> _Data to use_
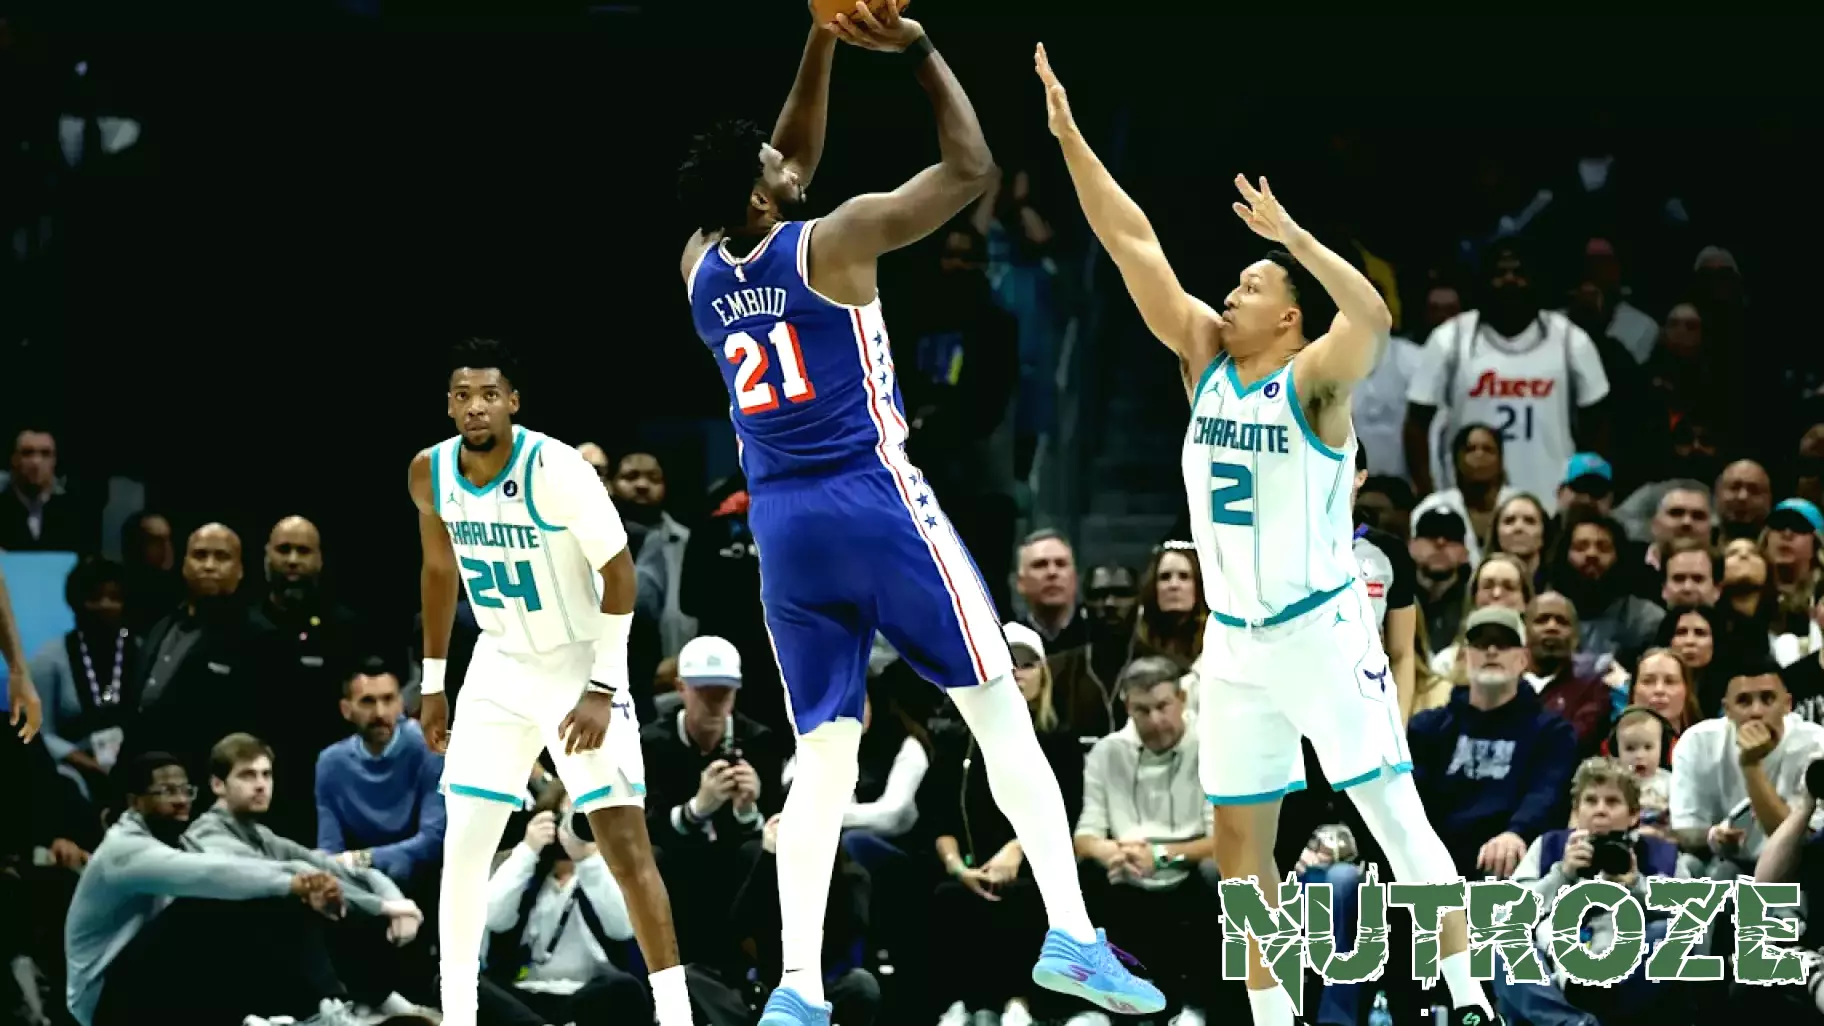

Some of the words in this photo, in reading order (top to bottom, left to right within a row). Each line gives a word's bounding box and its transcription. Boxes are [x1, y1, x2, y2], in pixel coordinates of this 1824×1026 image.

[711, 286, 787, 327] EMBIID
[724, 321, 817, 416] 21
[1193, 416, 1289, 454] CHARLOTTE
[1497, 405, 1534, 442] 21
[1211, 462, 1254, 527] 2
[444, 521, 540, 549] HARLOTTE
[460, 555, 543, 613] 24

...

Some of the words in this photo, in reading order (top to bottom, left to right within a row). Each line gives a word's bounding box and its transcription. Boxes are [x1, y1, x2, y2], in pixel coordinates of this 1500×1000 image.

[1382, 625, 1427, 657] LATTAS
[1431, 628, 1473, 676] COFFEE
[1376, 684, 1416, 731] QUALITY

---

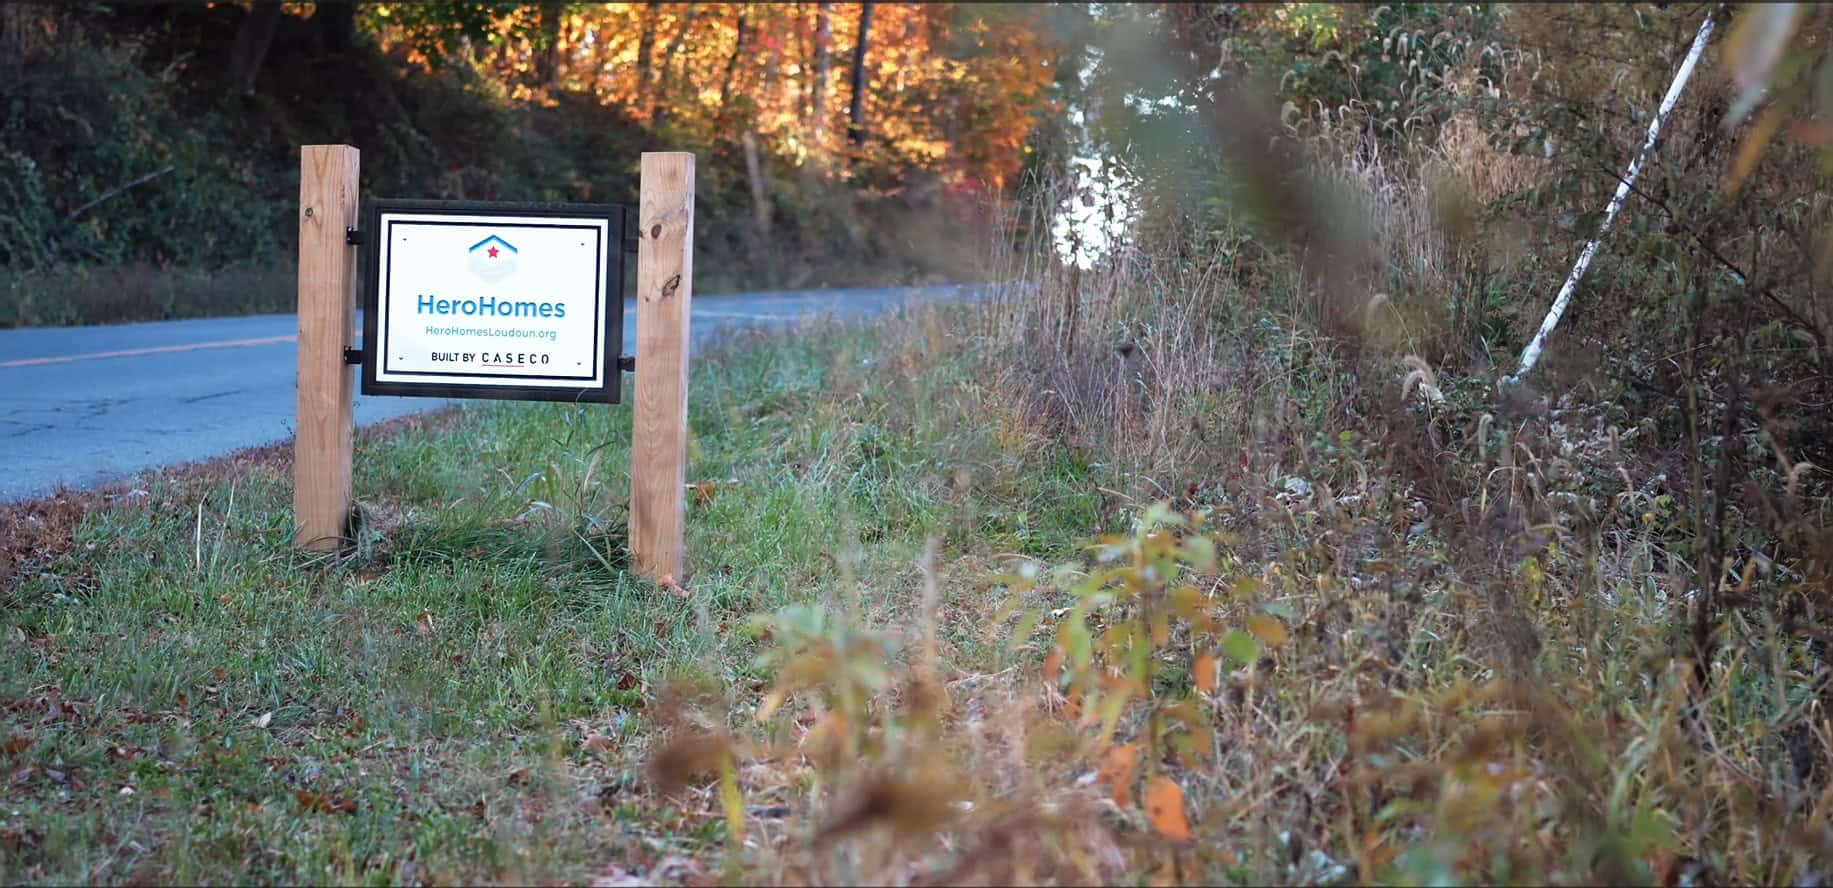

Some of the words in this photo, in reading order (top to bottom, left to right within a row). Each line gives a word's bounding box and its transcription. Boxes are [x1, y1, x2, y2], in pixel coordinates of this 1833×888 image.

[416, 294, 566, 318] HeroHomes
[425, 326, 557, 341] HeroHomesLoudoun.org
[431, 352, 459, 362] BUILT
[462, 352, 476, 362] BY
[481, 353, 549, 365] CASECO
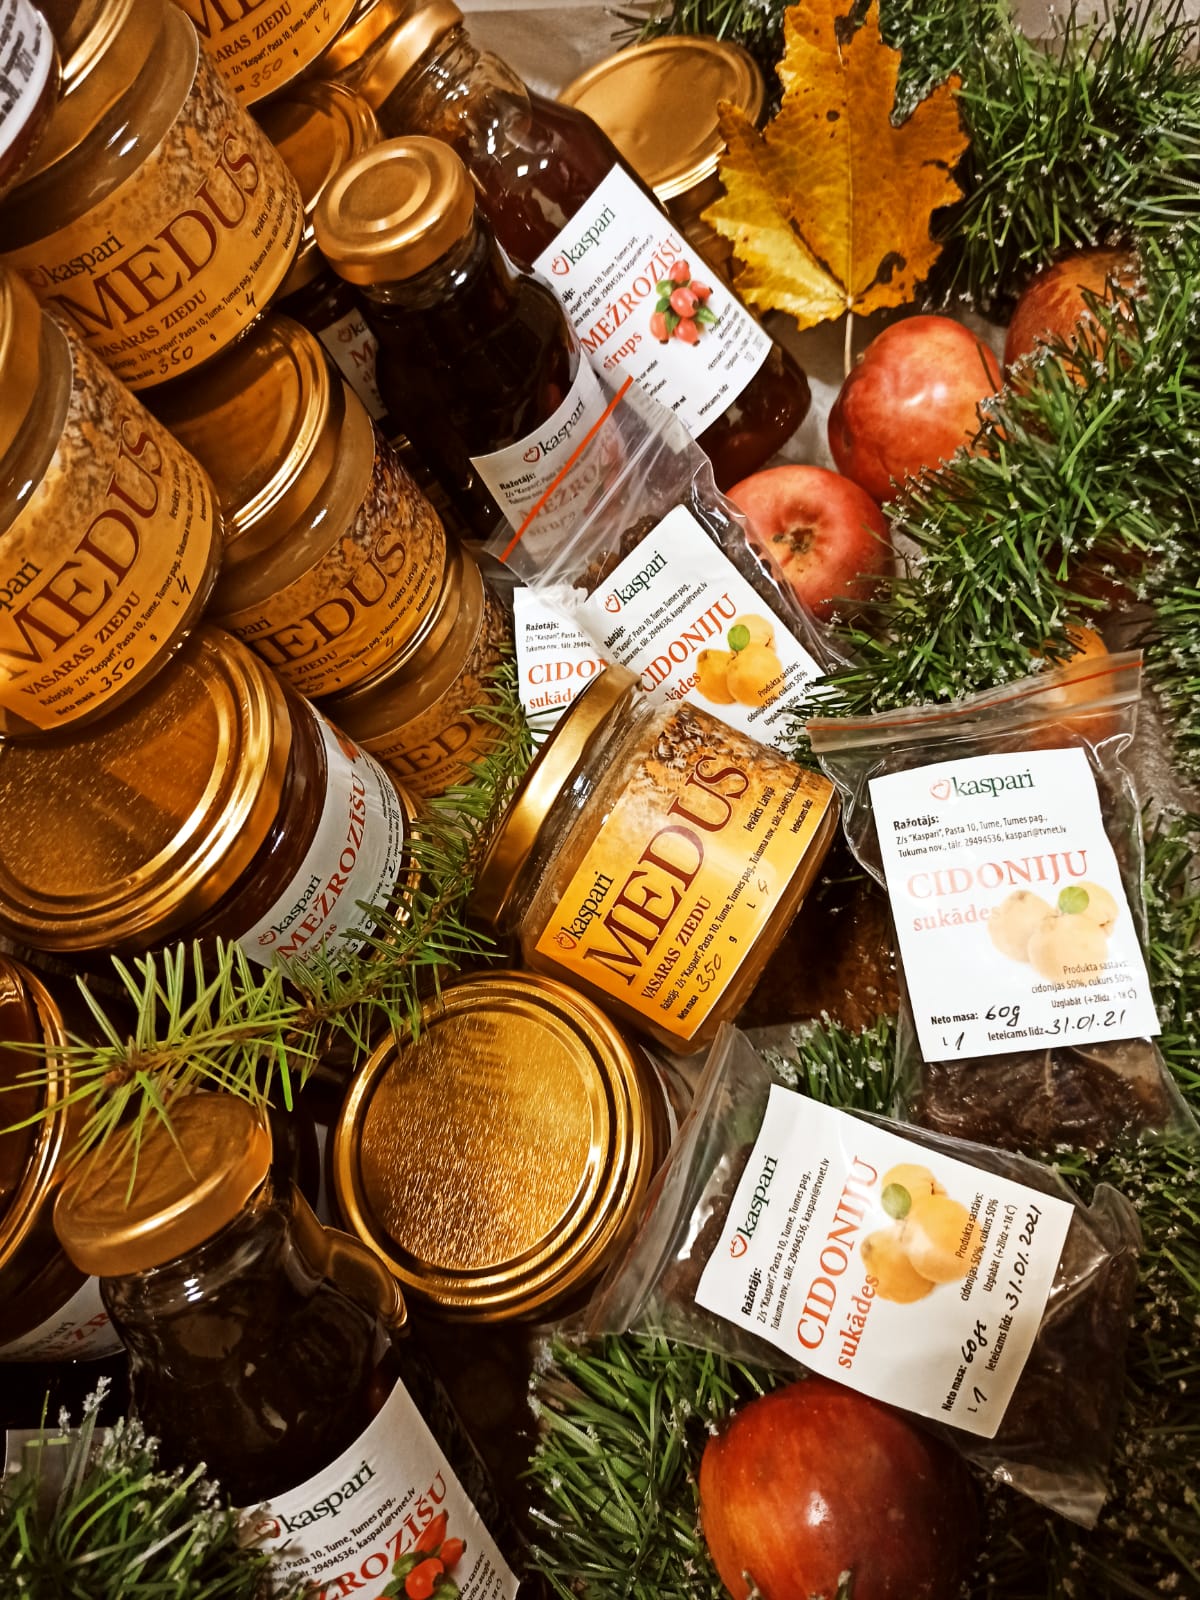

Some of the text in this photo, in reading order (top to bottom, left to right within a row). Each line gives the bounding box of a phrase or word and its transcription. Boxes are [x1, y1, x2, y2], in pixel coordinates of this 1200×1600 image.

> _Task to complete_
What do the entries above read from the line containing "this 1833×888 image." through the line containing "Some of the text"? Output those lines exactly, both ends included, with the pictures left out.

> _Solution to this problem_
Some of the words in this photo, in reading order (top to bottom, left to right within a row). Each line gives a word's bounding box and its transcription. Boxes are [x1, y1, x2, y2], in pixel coordinates of this 1833×888 image.

[416, 294, 566, 318] HeroHomes
[425, 326, 557, 341] HeroHomesLoudoun.org
[431, 352, 459, 362] BUILT
[462, 352, 476, 362] BY
[481, 353, 549, 365] CASECO

Some of the text in this photo, in reading order (top to bottom, left to right within a row). Each line gives the bounding box of a phrase or word and its transcription. Boxes are [x1, y1, x2, y2], in pixel coordinates of this 1200×1600 image.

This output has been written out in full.